## TASK MATERIAL
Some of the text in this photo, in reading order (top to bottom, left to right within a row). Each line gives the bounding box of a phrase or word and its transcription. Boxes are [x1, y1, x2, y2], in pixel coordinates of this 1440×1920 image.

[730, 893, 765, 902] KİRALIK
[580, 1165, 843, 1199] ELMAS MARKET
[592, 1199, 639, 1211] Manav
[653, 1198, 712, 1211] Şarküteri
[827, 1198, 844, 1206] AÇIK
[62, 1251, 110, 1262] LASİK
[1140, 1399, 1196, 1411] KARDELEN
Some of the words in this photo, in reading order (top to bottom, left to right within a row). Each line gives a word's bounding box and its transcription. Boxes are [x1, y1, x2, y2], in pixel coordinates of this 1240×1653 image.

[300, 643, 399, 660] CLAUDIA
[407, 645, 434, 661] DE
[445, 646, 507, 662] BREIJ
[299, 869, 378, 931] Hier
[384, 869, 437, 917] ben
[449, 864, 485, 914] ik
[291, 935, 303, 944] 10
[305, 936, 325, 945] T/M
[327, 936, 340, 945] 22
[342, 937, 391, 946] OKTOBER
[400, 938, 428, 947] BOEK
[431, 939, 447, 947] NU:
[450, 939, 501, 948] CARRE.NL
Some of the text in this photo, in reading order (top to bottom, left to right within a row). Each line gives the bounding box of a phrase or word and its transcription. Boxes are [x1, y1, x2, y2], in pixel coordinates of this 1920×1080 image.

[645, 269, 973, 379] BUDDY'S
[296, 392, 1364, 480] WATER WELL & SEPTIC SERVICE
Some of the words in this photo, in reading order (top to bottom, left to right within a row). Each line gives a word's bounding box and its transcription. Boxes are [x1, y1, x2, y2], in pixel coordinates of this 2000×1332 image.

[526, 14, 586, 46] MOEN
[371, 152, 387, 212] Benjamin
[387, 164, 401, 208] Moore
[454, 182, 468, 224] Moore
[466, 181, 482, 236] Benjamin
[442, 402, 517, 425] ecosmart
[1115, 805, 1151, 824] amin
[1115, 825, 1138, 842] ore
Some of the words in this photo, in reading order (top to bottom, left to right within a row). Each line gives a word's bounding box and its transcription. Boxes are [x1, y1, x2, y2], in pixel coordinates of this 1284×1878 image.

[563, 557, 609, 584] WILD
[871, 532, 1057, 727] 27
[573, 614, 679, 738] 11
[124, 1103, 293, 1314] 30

## GOAL OF THE EXERCISE
Print the whole listing exactly as it is.

## EXERCISE RESULT
Some of the text in this photo, in reading order (top to bottom, left to right within a row). Each line gives the bounding box of a phrase or word and its transcription. Boxes are [x1, y1, x2, y2], in pixel coordinates of this 1440×1920 image.

[730, 893, 765, 902] KİRALIK
[580, 1165, 843, 1199] ELMAS MARKET
[592, 1199, 639, 1211] Manav
[653, 1198, 712, 1211] Şarküteri
[827, 1198, 844, 1206] AÇIK
[62, 1251, 110, 1262] LASİK
[1140, 1399, 1196, 1411] KARDELEN
Some of the words in this photo, in reading order (top to bottom, left to right within a row). Each line gives a word's bounding box and its transcription. Boxes are [x1, y1, x2, y2], in pixel coordinates of this 1240×1653 image.

[300, 643, 399, 660] CLAUDIA
[407, 645, 434, 661] DE
[445, 646, 507, 662] BREIJ
[299, 869, 378, 931] Hier
[384, 869, 437, 917] ben
[449, 864, 485, 914] ik
[291, 935, 303, 944] 10
[305, 936, 325, 945] T/M
[327, 936, 340, 945] 22
[342, 937, 391, 946] OKTOBER
[400, 938, 428, 947] BOEK
[431, 939, 447, 947] NU:
[450, 939, 501, 948] CARRE.NL
Some of the text in this photo, in reading order (top to bottom, left to right within a row). Each line gives the bounding box of a phrase or word and its transcription. Boxes are [x1, y1, x2, y2], in pixel coordinates of this 1920×1080 image.

[645, 269, 973, 379] BUDDY'S
[296, 392, 1364, 480] WATER WELL & SEPTIC SERVICE
Some of the words in this photo, in reading order (top to bottom, left to right within a row). Each line gives a word's bounding box and its transcription. Boxes are [x1, y1, x2, y2], in pixel coordinates of this 2000×1332 image.

[526, 14, 586, 46] MOEN
[371, 152, 387, 212] Benjamin
[387, 164, 401, 208] Moore
[454, 182, 468, 224] Moore
[466, 181, 482, 236] Benjamin
[442, 402, 517, 425] ecosmart
[1115, 805, 1151, 824] amin
[1115, 825, 1138, 842] ore
Some of the words in this photo, in reading order (top to bottom, left to right within a row). Each line gives a word's bounding box and its transcription. Boxes are [x1, y1, x2, y2], in pixel coordinates of this 1284×1878 image.

[563, 557, 609, 584] WILD
[871, 532, 1057, 727] 27
[573, 614, 679, 738] 11
[124, 1103, 293, 1314] 30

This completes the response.